David GaughranI’m pretty dismayed by this development. It sounds pricey for an online course, but the real worry is the complete disregard Random House seems to have for conflict-of-interest issues.

It’s bad enough that Penguin Random House already owns the biggest vanity press in the world without starting an overpriced creative writing course to capture newbies at an even earlier juncture in their careers. Naturally, the worry is that Random House will dangle the prospect of a deal to get writers to pony up the additional £99 [$163] to get their work read by an editor. I thought the publishing business had learned from its previous experience with reading fees, but clearly the old ethical rules don’t apply anymore. I’d also worry that writers will be pushed towards Penguin Random House’s vanity operations.

I suppose it comes down to trust, and I’ve very little of that where Penguin Random House is concerned. When Penguin first bought Author Solutions in July 2011, many in the industry expressed a hope that Penguin would clean the swamp, but they’ve done nothing other than aggressively expand its operations. When Random House and Penguin merged, further hope was expressed that Random would clean house. But nothing has been done in the six months since (and I don’t expect it to happen either).

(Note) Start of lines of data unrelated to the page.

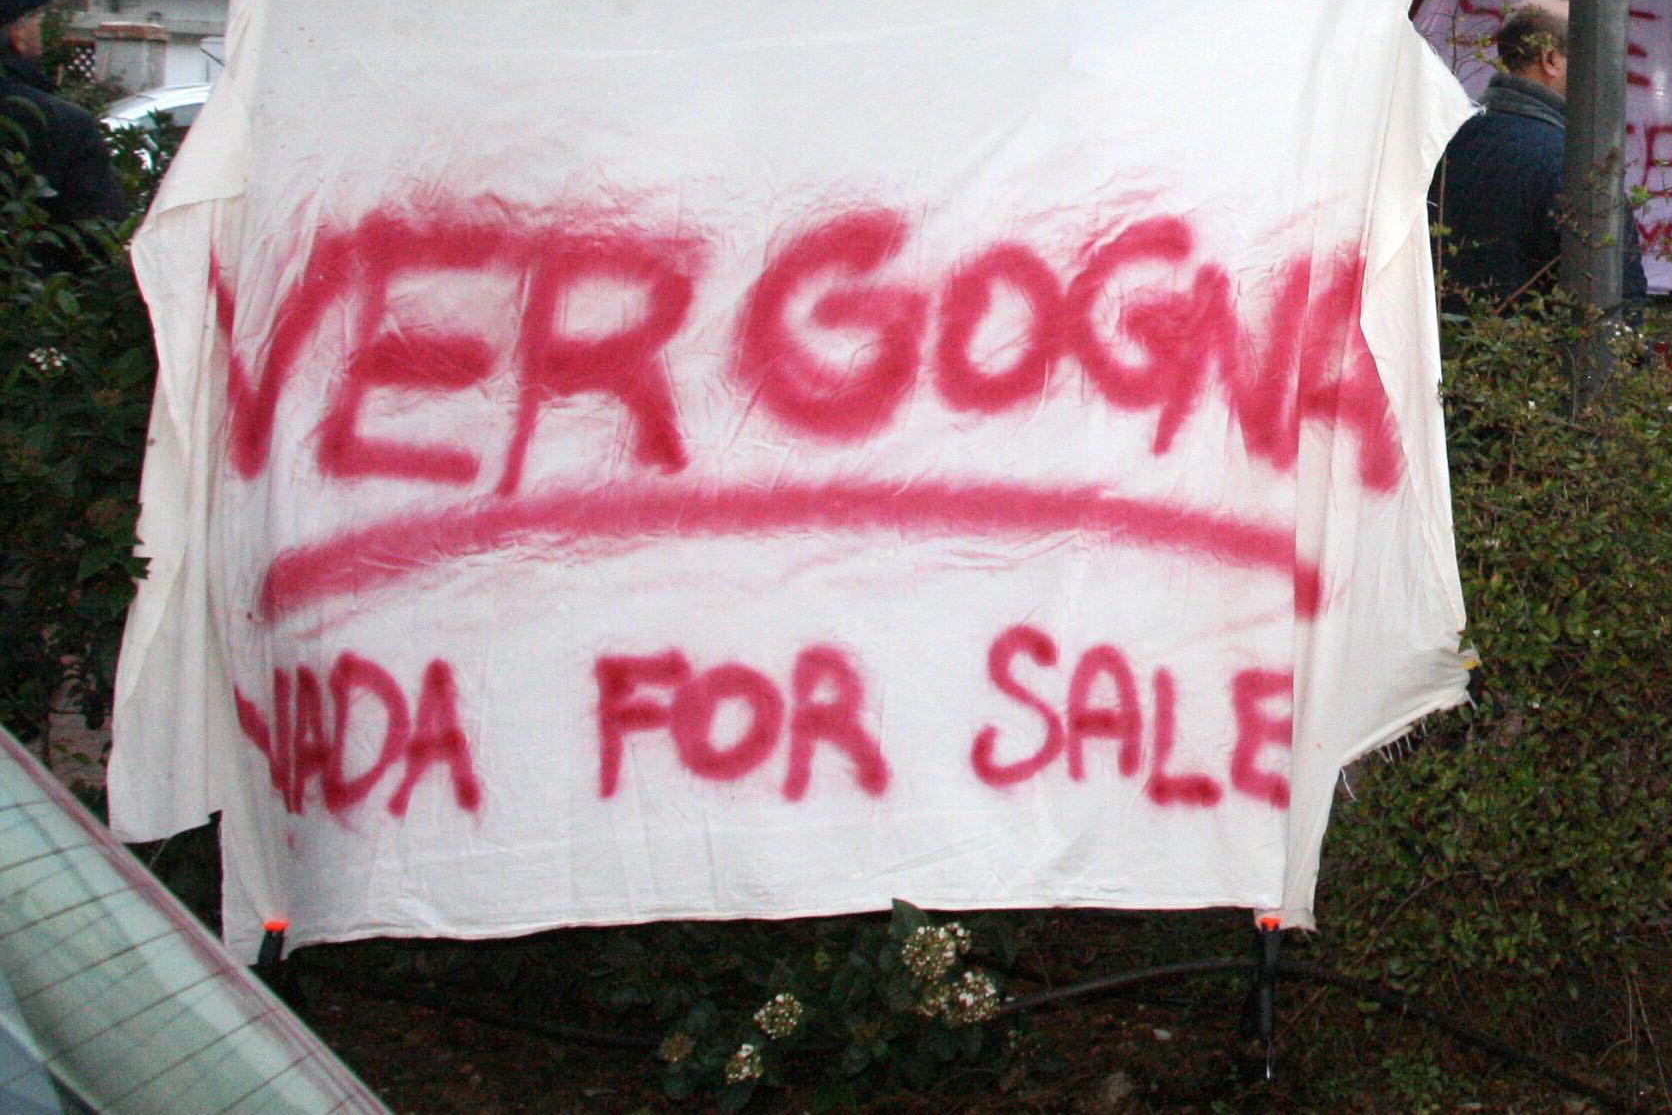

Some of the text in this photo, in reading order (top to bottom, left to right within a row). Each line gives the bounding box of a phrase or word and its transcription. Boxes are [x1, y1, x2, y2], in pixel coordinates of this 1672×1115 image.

[208, 201, 1403, 498] VERGOGNA
[593, 643, 892, 803] FOR
[969, 623, 1293, 811] SALE
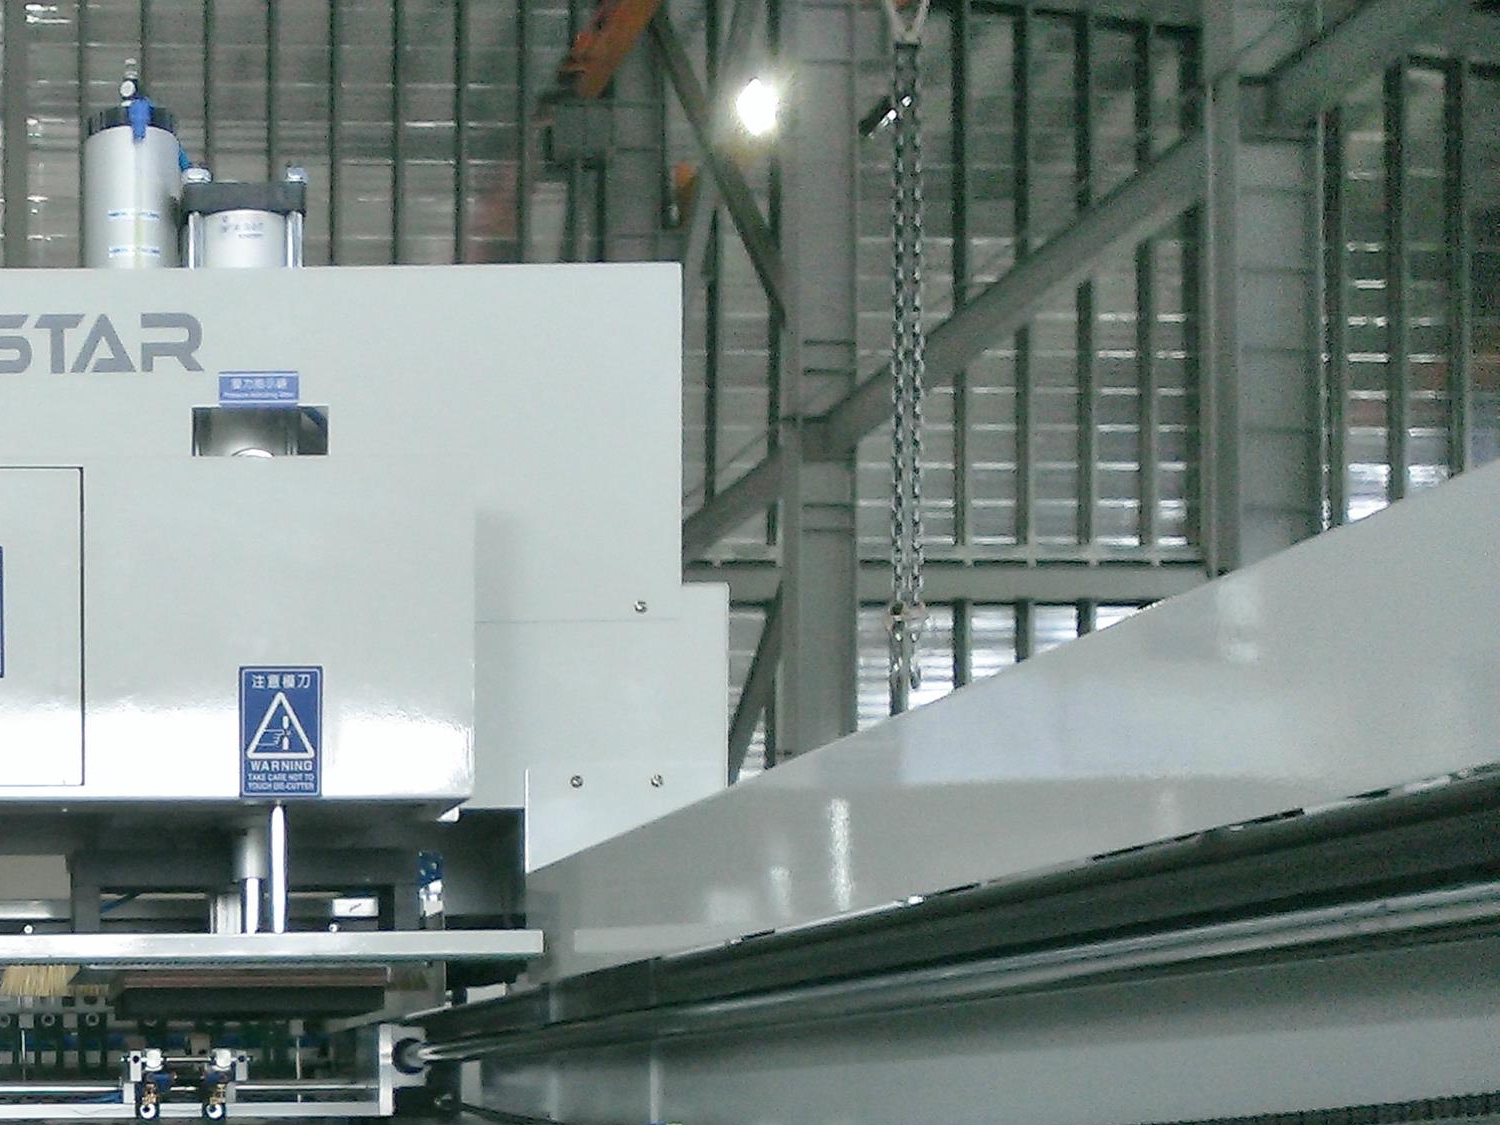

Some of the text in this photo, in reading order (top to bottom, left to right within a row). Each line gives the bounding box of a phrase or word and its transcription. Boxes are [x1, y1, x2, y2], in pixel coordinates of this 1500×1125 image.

[250, 760, 313, 771] WARNING
[248, 773, 315, 781] TAKE CARE NOT TO
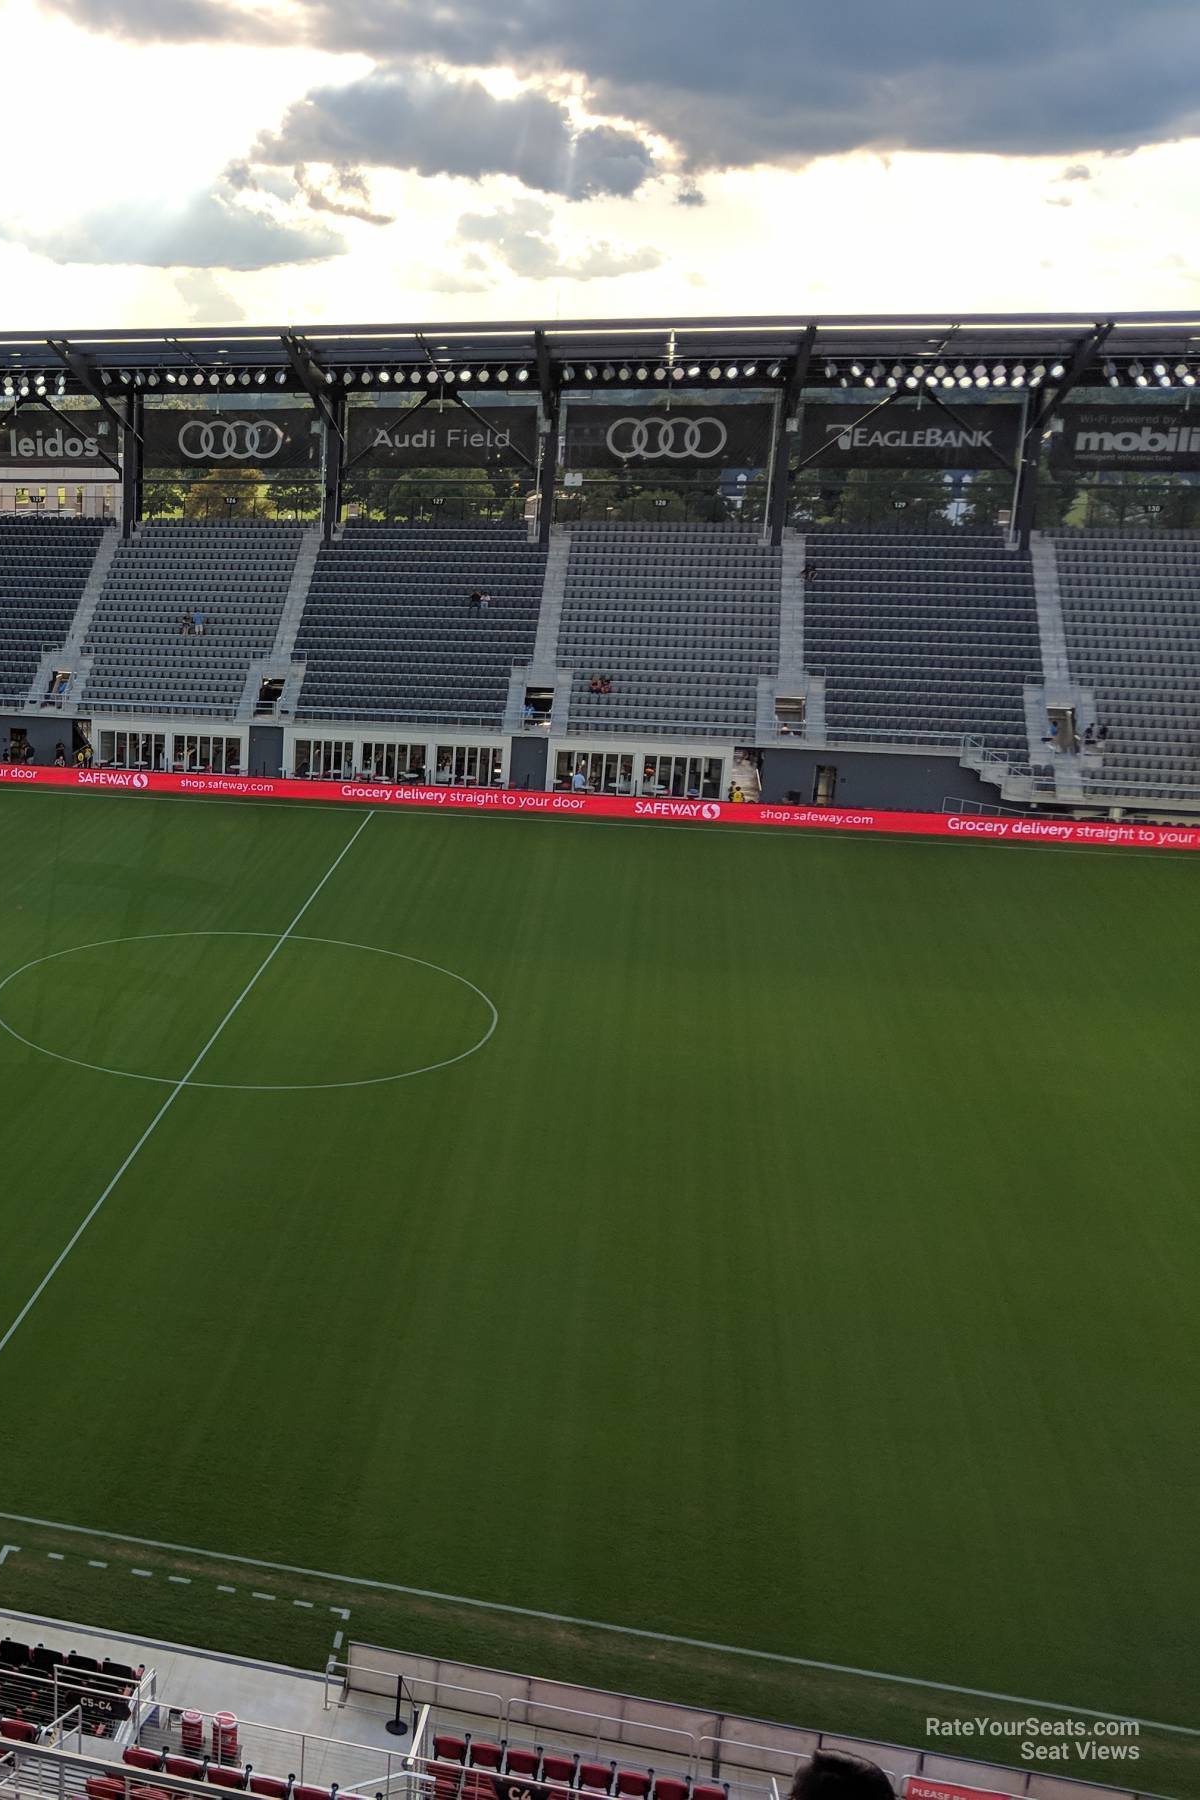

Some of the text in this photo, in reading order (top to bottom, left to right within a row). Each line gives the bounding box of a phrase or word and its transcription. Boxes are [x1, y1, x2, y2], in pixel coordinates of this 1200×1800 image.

This is simply yet another way that large publishers are seeking to make money from authors instead of with authors. They’ve already attempted to monetize the slush pile with their vanity press operations, and now they are looking to squeeze money out of writers before they even get that far.

1 COMMENT

  1. all this IS a bit scary and weird re yet another way that large publishers are seeking to make money *from authors instead of *with authors

    there is also a burgeoning oped writing industry run by some do gooders who want to help people learn to write OPEDS for placement in the NYT and Guardian and other big major papers and websites and of course they charge money for this online classes and in person seminars, even telling would be oped writers they can pair with a published oped writer to learn who to contact and how to do it when IN FACT it is all BS since the oped pages only publish opeds that they commsion, they never publish over the transsom opeds submission. Look into this too Paul and David. SHameful.